WASHINGTON, D.C. (December 11, 2019)—New polling released today by the National Council for Behavioral Health shows strong bipartisan agreement among registered voters in New Hampshire that the federal government is not doing enough to address mental health (84% of Democrats and 72% of Republicans) and addiction (77% of Democrats and 53% of Republicans) in America. The National Council released the new polling in advance of the Unite for Mental Health: New Hampshire Town Hall, a public forum for 2020 presidential candidates to discuss mental health and addiction policies. The National Council for Behavioral Health, Mental Health for US and the NH Community Behavioral Health Association will host Unite for Mental Health: New Hampshire Town Hall on December 16 at the Dana Center at Saint Anselm College in Manchester, N.H.

“The message is clear: candidates who want to win New Hampshire need to tell voters they have a plan to address the mental health and addiction crisis, one of the most important health issues facing the nation,” said Chuck Ingoglia, president and CEO of the National Council for Behavioral Health. “The Unite for Mental Health: New Hampshire Town Hall will provide an important opportunity for presidential candidates to engage with New Hampshire families, mental health professionals and local policymakers to discuss the issues and share solutions voters—and the nationare eager to support.”

This statewide poll comes on the heels of new national data from the U.S. Centers for Disease Control and Prevention (CDC) confirming that suicide is the second leading cause of death among teenagers in the U.S. The suicide rate among people ages 10 to 24 years old climbed 56% from 2007 to 2017, according to the CDC report. These findings, compared with high rates of death nationwide from drug overdose, are leading to calls for the 2020 presidential candidates to engage communities across the country in order to better meet the needs of millions of Americans.

“Mental health and addiction continuously poll as key issues for many Americans, yet our leaders rarely prioritize prevention, treatment, and recovery strategies,” said former U.S. Rep. Patrick J. Kennedy, founder of The Kennedy Forum and Mental Health for US co-chair. “This new polling data from New Hampshire is the catalyst we need for change.

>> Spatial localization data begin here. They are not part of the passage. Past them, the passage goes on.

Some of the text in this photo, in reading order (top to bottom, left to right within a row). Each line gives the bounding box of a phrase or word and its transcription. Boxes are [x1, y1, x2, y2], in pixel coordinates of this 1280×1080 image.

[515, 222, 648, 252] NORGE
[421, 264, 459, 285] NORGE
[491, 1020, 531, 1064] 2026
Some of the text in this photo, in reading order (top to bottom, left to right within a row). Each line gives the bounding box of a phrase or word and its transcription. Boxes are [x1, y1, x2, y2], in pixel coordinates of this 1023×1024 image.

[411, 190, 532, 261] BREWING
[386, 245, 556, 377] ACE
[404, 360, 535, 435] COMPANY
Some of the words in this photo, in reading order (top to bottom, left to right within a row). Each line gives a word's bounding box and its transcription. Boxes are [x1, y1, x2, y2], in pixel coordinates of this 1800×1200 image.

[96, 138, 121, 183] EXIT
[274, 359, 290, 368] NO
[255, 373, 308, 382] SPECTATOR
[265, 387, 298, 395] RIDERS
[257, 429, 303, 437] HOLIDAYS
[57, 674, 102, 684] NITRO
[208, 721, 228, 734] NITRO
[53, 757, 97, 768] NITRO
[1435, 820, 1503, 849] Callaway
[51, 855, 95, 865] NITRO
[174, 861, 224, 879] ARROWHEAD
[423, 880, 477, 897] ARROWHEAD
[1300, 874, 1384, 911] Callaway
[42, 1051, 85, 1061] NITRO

The Mental Health for US coalition is proud to stand with the National Council and the NH Community Behavioral Health Association as we call on policymakers and candidates to walk the walk for the those with mental health and addiction challenges.” “The results of this poll are compelling. The need to invest in caring for those with mental illness is clear, and the voters want to see candidates for public office at all levels address these important issues,” said Roland Lamy, executive director of the NH Community Behavioral Health Association.

Results from the full survey have a margin of error of +/-6%. Click here for full polling results.

My Thoughts

The struggle to break free from active addiction is among the hardest undertakings a person can face in his or her lifetime. Putting the drug down is more difficult depending on the substance, amount used, and duration of use. The Diagnostic and Statistical Manual of Mental Disorders, Fifth Edition (DSM-5), published by the American Psychiatric Association, has sequestered substance abuse under the new heading Substance Use Disorder (SUD). The substance-related disorders encompass 10 separate classes of drugs: alcohol; caffeine; cannabis; hallucinogens; inhalants; cocaine (powder or rock); opioids; sedatives and hypnotics; stimulants (amphetamine-type, cocaine, and other stimulants; tobacco; and other (or unknown) substances. It is important to note that all drugs (when taken in excess) have a common direct activation of the brain reward system, typically leading to dependency and addiction.

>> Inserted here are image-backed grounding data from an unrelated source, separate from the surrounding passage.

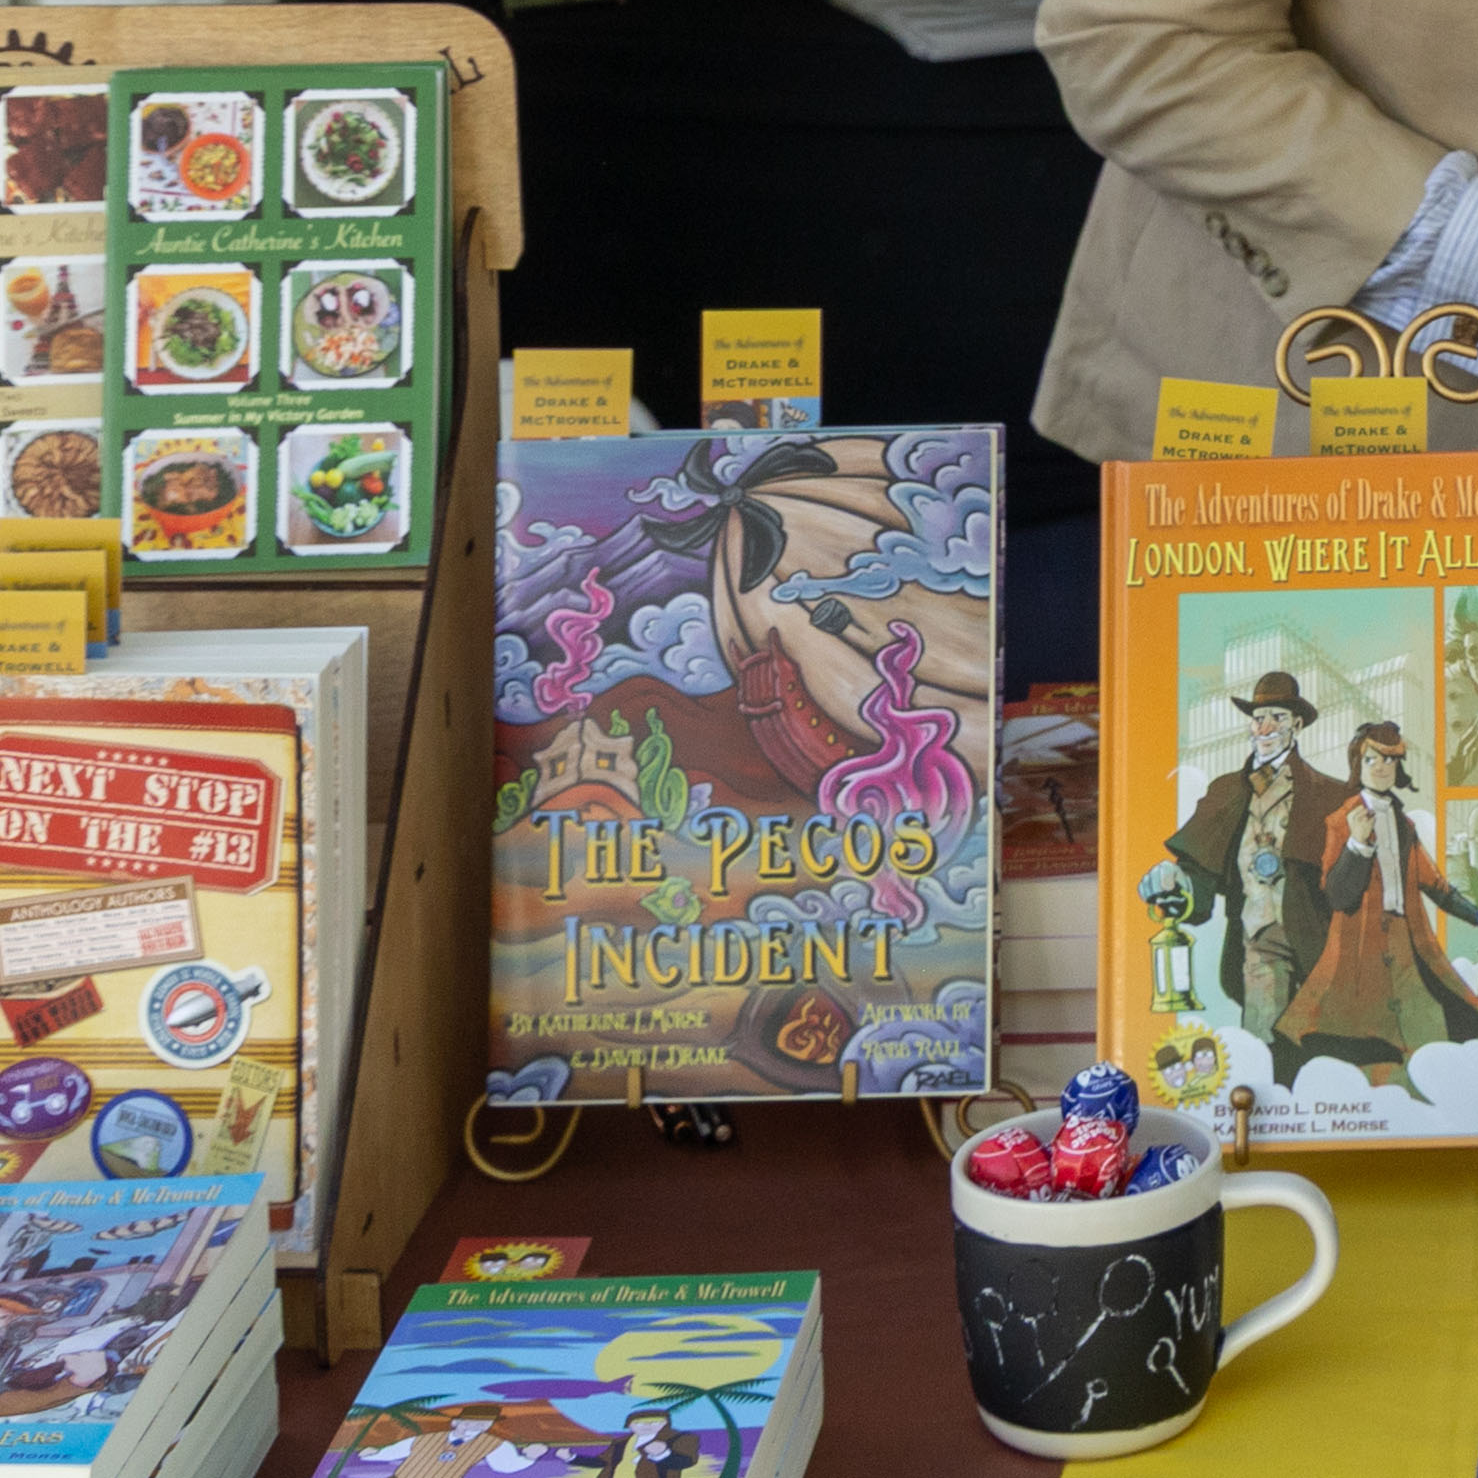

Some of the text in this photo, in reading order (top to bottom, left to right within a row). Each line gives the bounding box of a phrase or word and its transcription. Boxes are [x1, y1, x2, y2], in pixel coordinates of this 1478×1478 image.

[135, 222, 403, 257] Auntie Catherine's Kitchen
[725, 359, 800, 371] DRAKE &
[227, 394, 313, 408] Volume Three
[534, 396, 608, 408] DRAKE &
[173, 411, 223, 425] Summer
[316, 407, 365, 421] Garden
[1177, 428, 1253, 446] DRAKE &
[1333, 425, 1408, 439] DRAKE &
[1144, 483, 1187, 529] The
[1195, 479, 1320, 527] Adventures
[1326, 477, 1352, 522] of
[1355, 479, 1423, 522] Drake
[1430, 478, 1447, 520] &
[1126, 535, 1255, 586] LONDON,
[1263, 532, 1370, 582] WHERE
[1378, 529, 1412, 579] IT
[48, 643, 61, 653] &
[0, 755, 259, 818] NEXT STOP
[0, 808, 252, 866] ON THE #13
[532, 805, 940, 903] THE PECOS
[9, 886, 178, 922] ANTHOLOGY AUTHORS
[562, 915, 908, 1007] INCIDENT
[508, 1013, 536, 1038] BY
[538, 1008, 632, 1036] KATHERINE
[649, 1008, 709, 1032] MORSE
[860, 1002, 973, 1029] ARTWORK BY
[588, 1046, 648, 1071] DAVID
[665, 1046, 730, 1068] DRAKE
[862, 1039, 967, 1063] ROBB RAEL
[1214, 1102, 1236, 1119] BY
[1293, 1102, 1311, 1116] L.
[1314, 1100, 1373, 1116] DRAKE
[1212, 1118, 1390, 1136] KAHERINE L. MORSE
[24, 1184, 224, 1208] of Drake & McTrowell
[446, 1280, 788, 1307] The Adventures of Drake & McTrowell
[0, 1428, 65, 1448] EARS

Mental health issues can become a complicating factor; this is often referred to as dual-diagnosis, or, in the vernacular, “double-trouble.” Moreover, individuals with poor self-control may be particularly vulnerable to substance abuse. Accordingly, the roots of substance abuse for some individuals can be seen in behaviors long before the onset of actual substance use itself. It is also important to note that substance-related disorders are divided into two groups: substance use disorders and substance-induced disorders. These secondary issues can include intoxication, withdrawal, psychotic disorders, bipolar and related disorders, depressive disorders, anxiety disorders, obsessive-compulsive and related disorders, sleep disorders, sexual dysfunctions, delirium, and neurocognitive disorders.

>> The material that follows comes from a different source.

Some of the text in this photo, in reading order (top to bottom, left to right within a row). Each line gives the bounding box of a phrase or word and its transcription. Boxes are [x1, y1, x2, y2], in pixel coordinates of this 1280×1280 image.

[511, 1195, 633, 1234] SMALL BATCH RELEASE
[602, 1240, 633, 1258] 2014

Features of substance use disorders include a rather important element: change in brain circuits that may persist beyond detoxification, particularly in individuals with severe disorders. The behavioral results of such changes may manifest in repeated relapses and intense craving for the individual’s favorite drug. This craving is often set in motion through a mere drug-related stimuli, which is referred to in the addictions field as a trigger. Typically, the longer an addict remains clean the easier it is to recognize and defeat such cravings. A craving is likely rooted in classical conditioning, and is associated with activation of specific reward structures in the brain. These structures are rather individualized; not every addict is triggered by the same thought or stimulus. Instead, triggers are established by what the individual is agitated or distressed by, and inversely related to the ability to properly handle such stimuli.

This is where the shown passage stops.